OHAL ve sonrasında çıkarılan KHK’ler ile yaşanan ihraçlar sorununun sürmesi, darbe girişimi ile uzaktan yakından ilgisi olmayan ekonomik, siyasi ve idari kararlar ile ülkenin yönetilmeye başlanması, 16 Nisan’da sandıktan ‘Evet’ çıkması durumunda, ülkenin sürekli OHAL koşullarında ve Cumhurbaşkanı’nın çıkaracağı KHK’ler ile yönetilmesini gündeme getirecek, 15 Temmuz sonrasında ülke nasıl yönetiliyorsa, öyle yönetilmeye devam edilecek, OHAL uygulamaları olağan yönetim biçimi haline getirilecektir.

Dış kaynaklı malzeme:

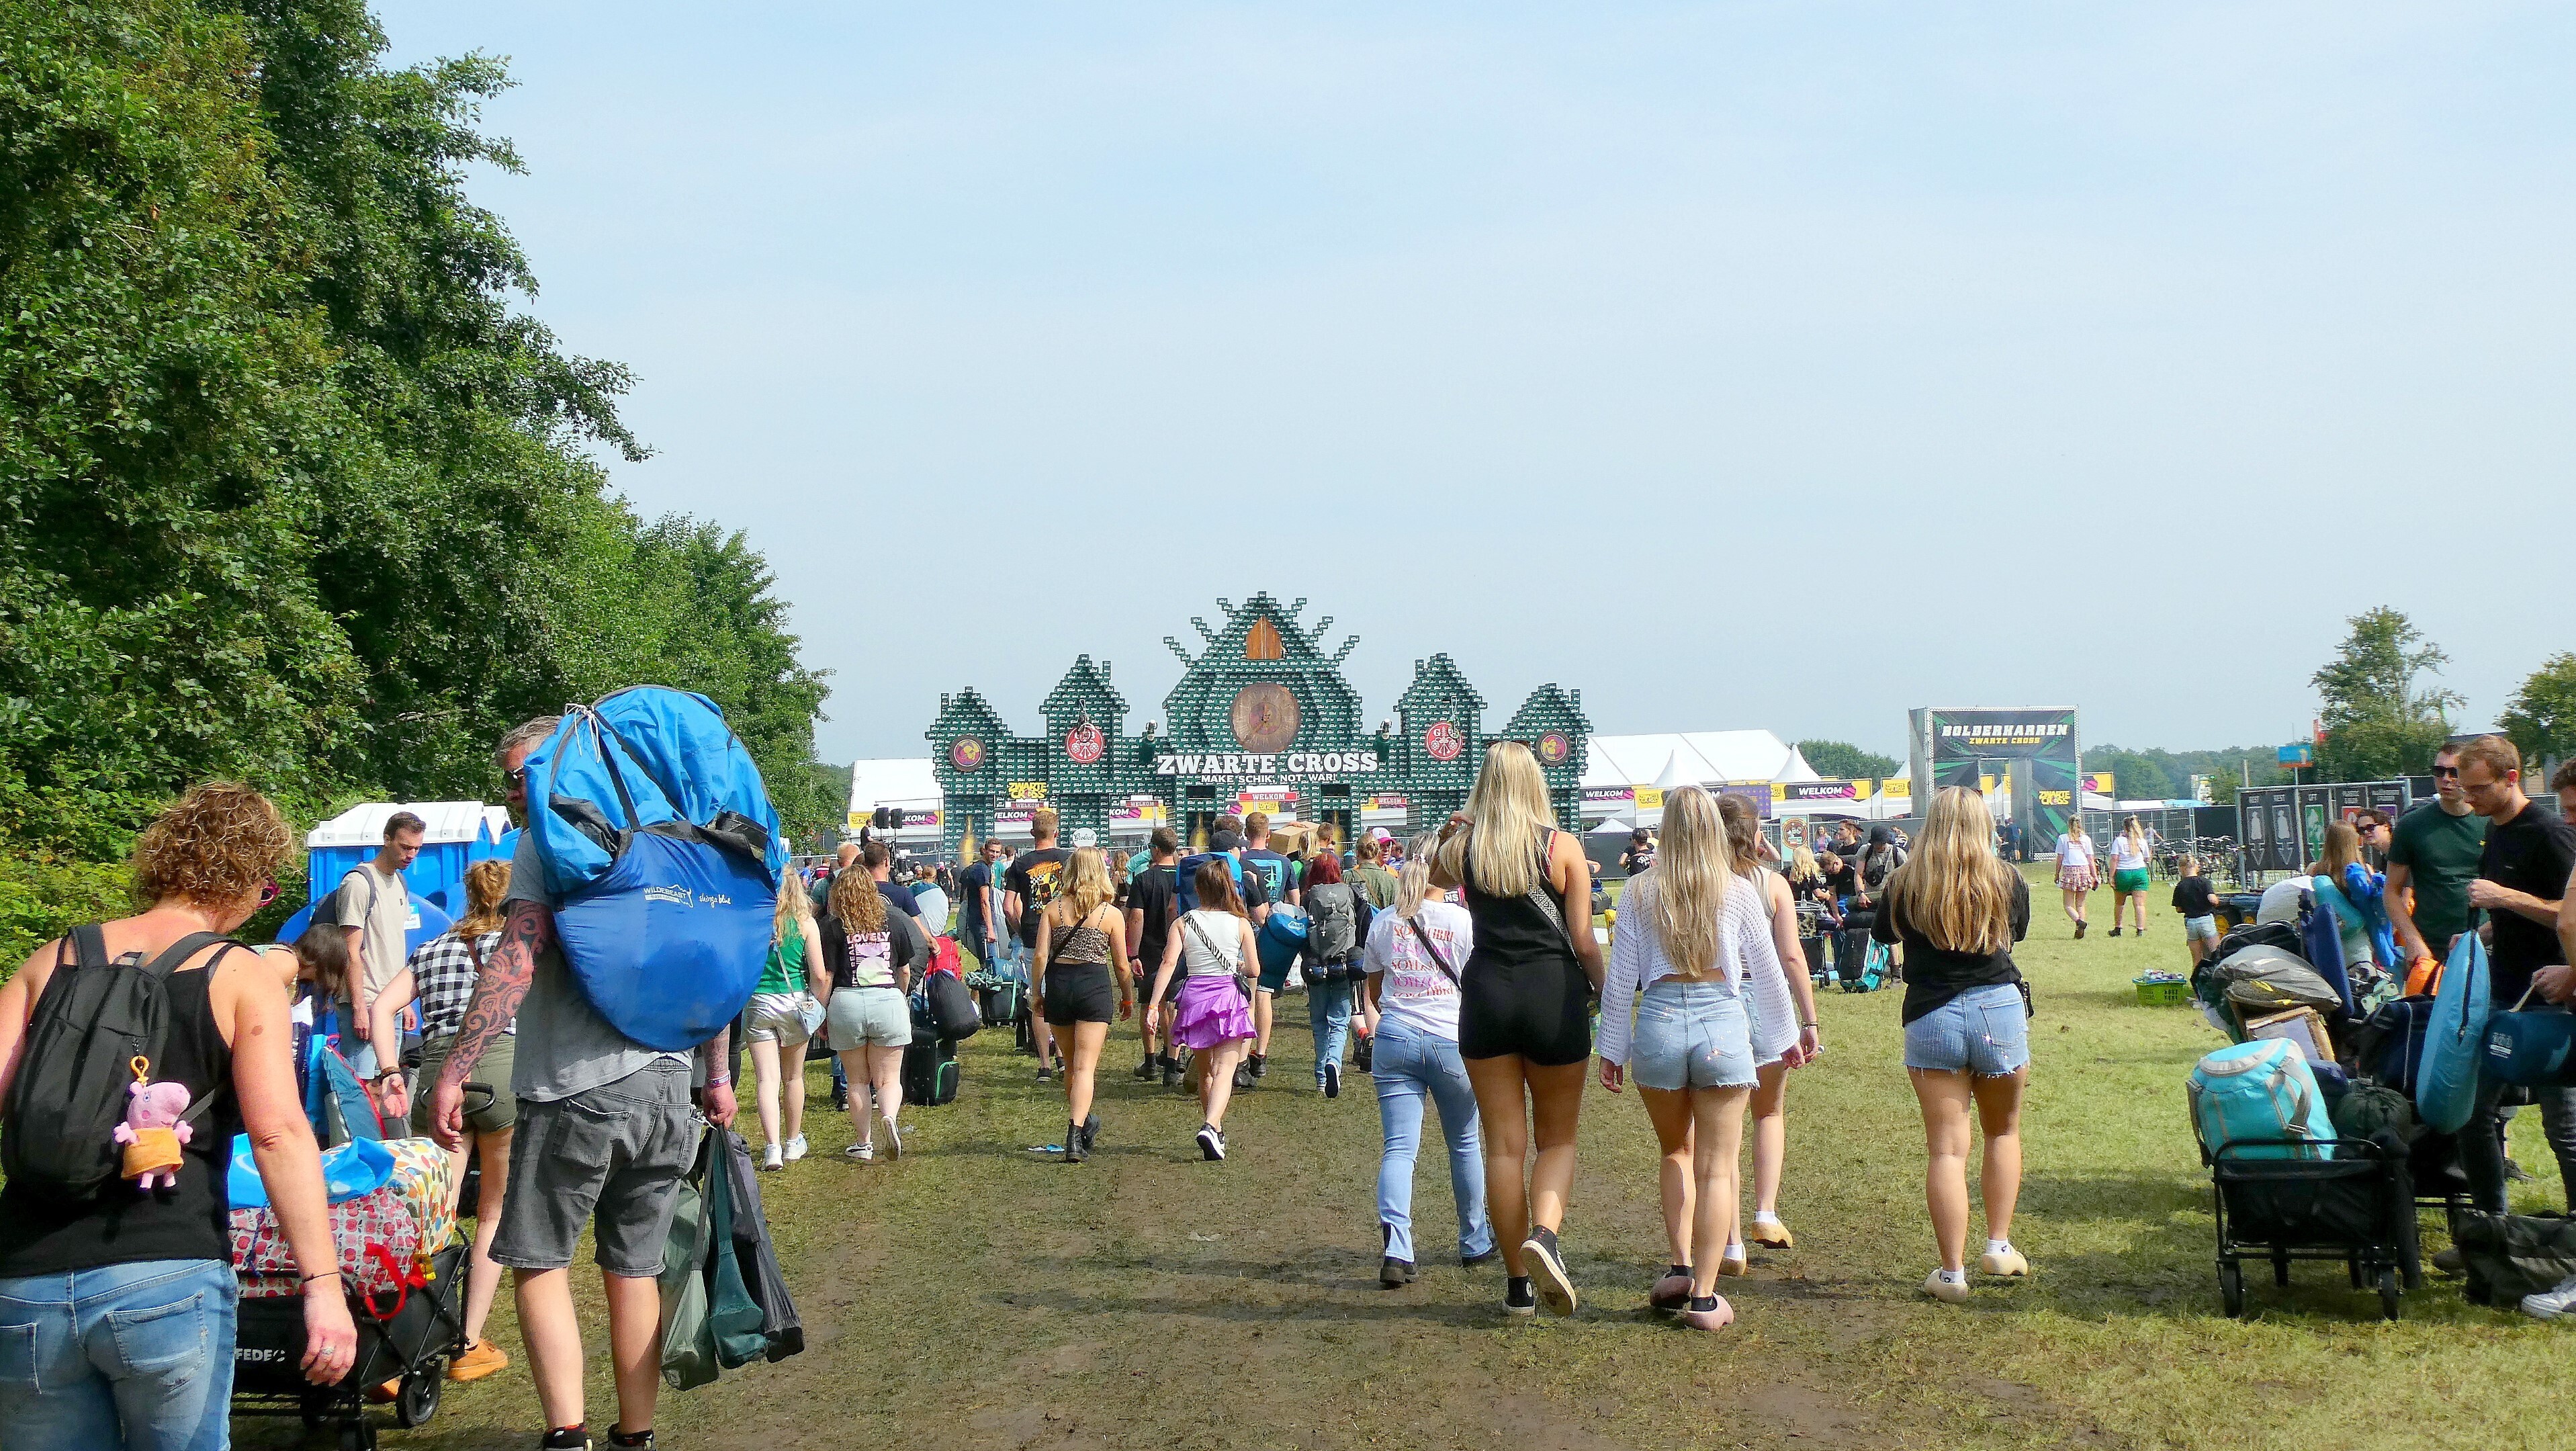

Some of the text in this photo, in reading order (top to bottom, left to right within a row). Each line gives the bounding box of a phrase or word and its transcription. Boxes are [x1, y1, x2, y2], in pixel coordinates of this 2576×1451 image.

Okulların eğitim kurumu olmaktan adım adım uzaklaştığı, öğrencilerin yarış atı gibi sınavdan sınava koştuğu, öğretmenlerin düşük ücretle, esnek, güvencesiz ve angarya çalışmaya zorlandığı, siyasal kadrolaşmanın zirve yaptığı, farklı dil ve kimliklerin dışlandığı, eğitimin zaten sorunlu olan niteliğinin daha da kötüleştiği koşullarda anayasa değişiklikleri yapılacaktır. Gerçek anlamda eşit, özgür ve laik bir eğitim sisteminin oluşması, demokrasinin, eşitliğin, temel hak ve özgürlükler alanının genişlemesi, bütün yurttaşların eşit haklar temelinde, barış içinde bir arada yaşaması ile mümkündür. 16 Nisan’da oylanacak olan sadece anayasanın belli maddeleri değil, aynı zamanda eğitimin ve ülkenin geleceğidir.

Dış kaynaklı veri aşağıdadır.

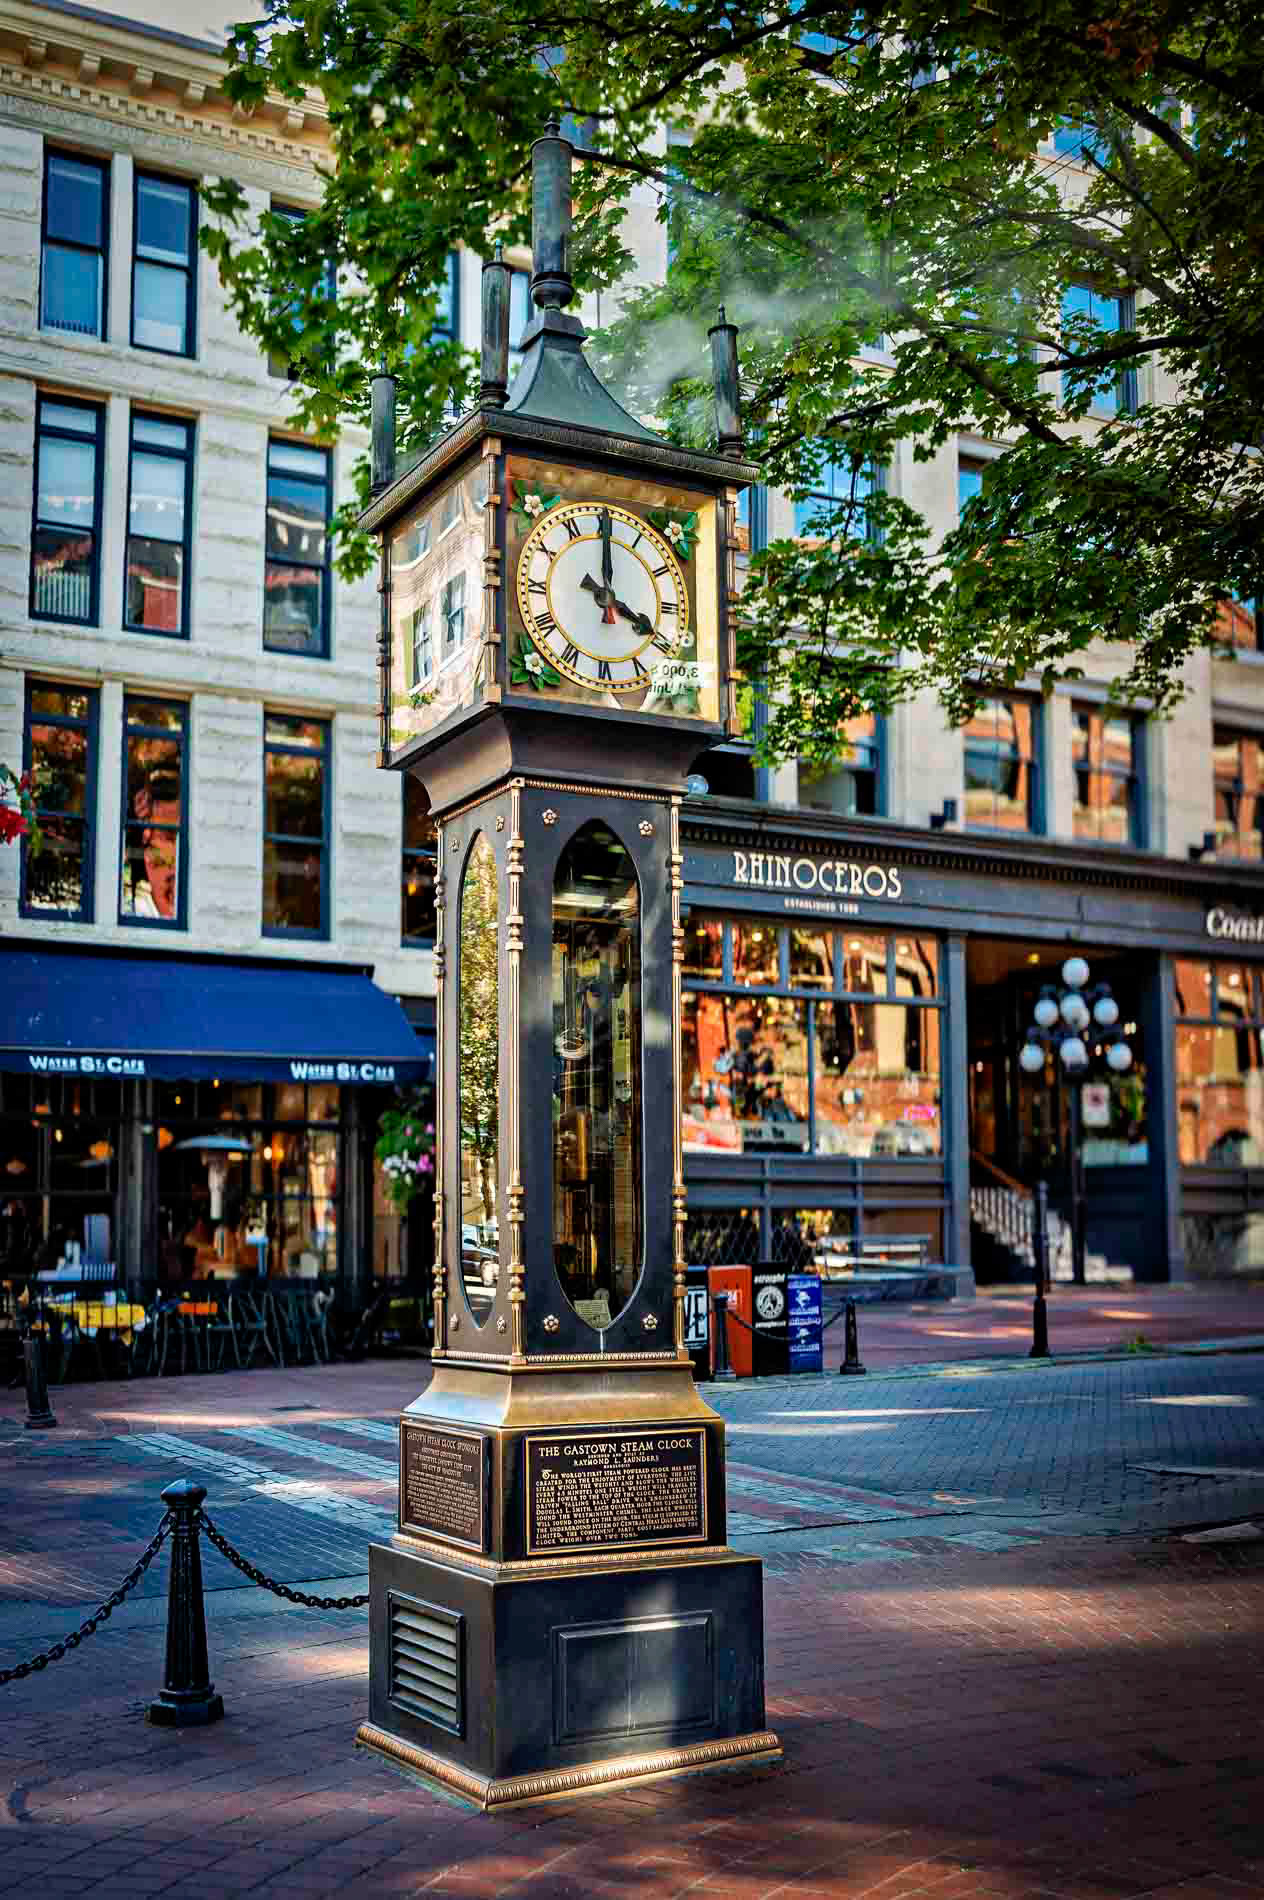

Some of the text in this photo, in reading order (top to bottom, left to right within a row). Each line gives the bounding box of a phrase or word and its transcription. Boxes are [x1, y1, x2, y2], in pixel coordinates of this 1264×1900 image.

16 Nisan referandumu hem ülkemiz açısından, hem de nüfusun büyük bölümünü oluşturan emekçilerin çalışma ve yaşam koşulları ile gelecekleri açısından önemli bir dönemeç olacaktır. Eğitim Sen olarak, eğitimin gerçek anlamda demokratik, bilimsel ve laik bir içerikte örgütlenmesi, herkese eşit ve parasız eğitim hakkı için tüm halkımızı, çocuklarının ve ülkenin geleceğinden endişe eden velilerimizi, bütün eğitim ve bilim emekçilerini 16 Nisan referandumunda güçlü bir şekilde ‘Hayır’ oyu kullanmaya davet ediyoruz.”